O resto desta história, minha prima, a senhora conhece, com exceção de algumas particularidades.
Vivi um mês, contando os dias, as horas e os minutos; e tempo corria vagarosamente para mim, que desejava poder devorá-lo.
Quando tinha durante uma manhã inteira olhado o seu retrato, conversado com ele, e lhe contado a minha impaciência e o meu sofrimento, começava a calcular as horas que faltavam para acabar o dia, os dias que faltavam para acabar a semana e as semanas que ainda faltavam para acabar o mês.
No meio da tristeza que me causara a sua ausência, o que me deu um grande consolo foi uma carta que ela me havia deixado e que me foi entregue no dia seguinte ao da sua partida.
"Bem vês, meu amigo, dizia-me ela, que Deus não quer aceitar o teu sacrifício.

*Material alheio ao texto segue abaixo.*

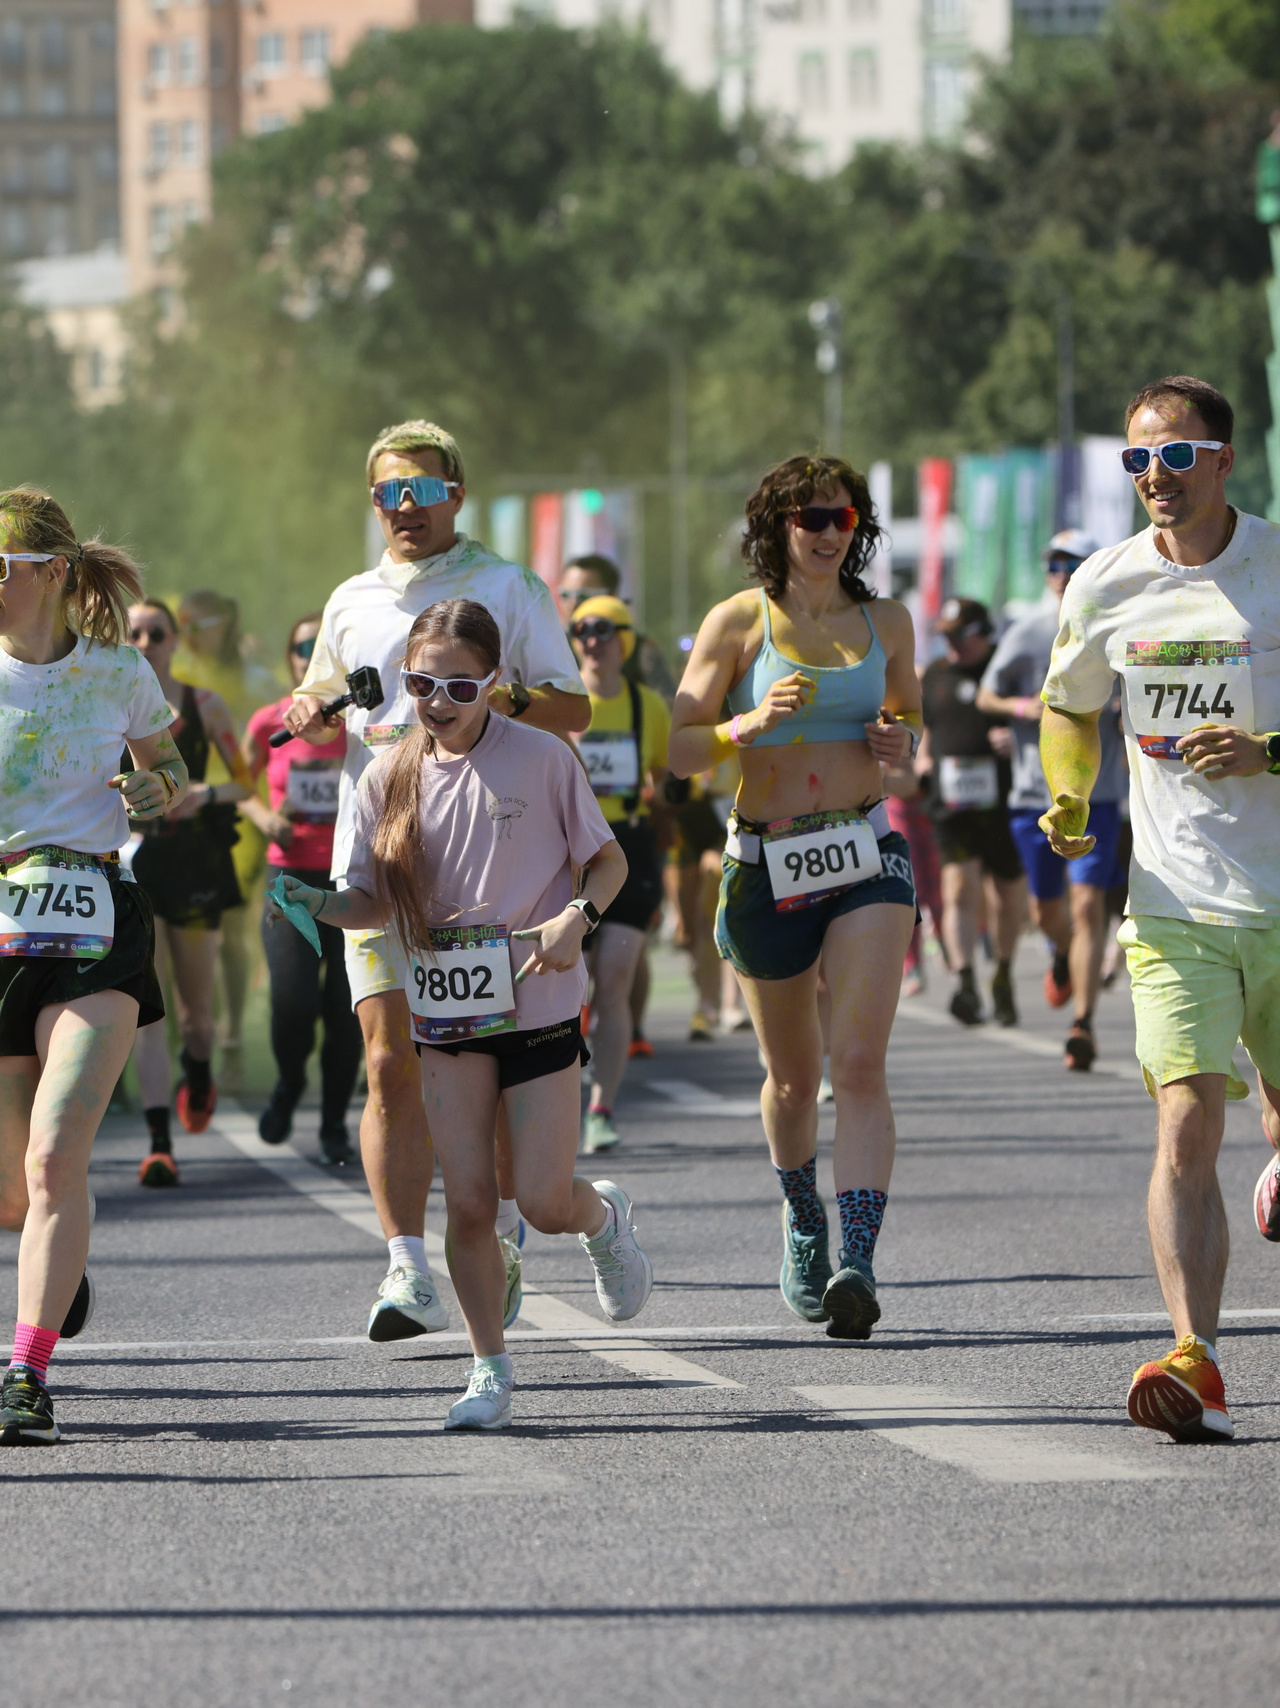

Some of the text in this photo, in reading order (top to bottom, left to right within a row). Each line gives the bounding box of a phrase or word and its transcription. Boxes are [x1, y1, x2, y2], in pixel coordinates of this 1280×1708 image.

Apesar de todo o teu amor, apesar de tua alma, ele impediu a nossa união; poupou-te um sofrimento e a mim talvez um remorso.
"Sei tudo quanto fizeste por minha causa e adivinho o resto; parto triste por não te ver, mas bem feliz por sentir-me amada, como nenhuma mulher talvez o seja neste mundo."
Esta carta tinha sido escrita na véspera da saída do paquete; um criado que viera de Petrópolis e a quem ela incumbira de entregar-me a caixinha com o seu retrato, contou-lhe metade das extravagâncias que eu praticara para chegar à cidade no mesmo dia.
Disse-lhe que me tinha visto partir para a Estrela, depois de perguntar a hora da saída do vapor; e que embaixo da serra referiram-lhe como eu tinha morto um cavalo para alcançar a barca e como me embarcara em uma canoa.
Não me vendo chegar, ela adivinhara que alguma dificuldade invencível me retinha, e atribuía isto à vontade de Deus, que não consentia no meu amor.
Entretanto, lendo e relendo a sua carta, uma coisa me admirou; ela não me dizia um adeus, apesar de sua ausência e apesar da moléstia, que podia tornar essa ausência eterna.
Tinha-me adivinhado! Ao mesmo tempo que fazia por me dissuadir, estava convencida de que a acompanharia.
Com efeito parti no paquete seguinte para a Europa.
Há de ter ouvido falar, minha prima, se é que ainda não o sentiu, da força dos pressentimentos do amor, ou da segunda vista que tem a alma nas suas grandes afeições.
Vou contar-lhe uma circunstância que confirma este fato.
No primeiro lugar onde desembarquei, não sei que instinto, que revelação, me fez correr imediatamente ao correio; parecia-me impossível que ela não tivesse deixado alguma lembrança para mim.
E de fato em todos os portos da escala do vapor havia, uma carta que continha duas palavras apenas:
"Sei que tu me segues. Até logo."
Enfim cheguei à Europa e vi-a. Todas as minhas loucuras e os meus sofrimentos foram compensados pelo sorriso de inexprimível gozo com que me acolheu.
Sua mãe dizia-lhe que eu ficaria no Rio de Janeiro, mas ela nunca duvidara de mim! Esperava-me como se a tivesse deixado na véspera, prometendo voltar.
Encontrei-a muito abatida da viagem; não sofria, mas estava pálida e branca como uma dessas Madonas de Rafael, que vi depois em Roma.
Às vezes uma languidez invencível a prostrava; nesses momentos um quer que seja de celeste e vaporoso a cercava, como se a alma exalando-se envolvesse o seu corpo.
Sentado ao seu lado, ou de joelhos a seus pés, passava os dias a contemplar essa agonia lenta; sentia-me morrer gradualmente, à semelhança de um homem que vê os últimos clarões da luz que vai extinguir-se e deixá-lo nas trevas.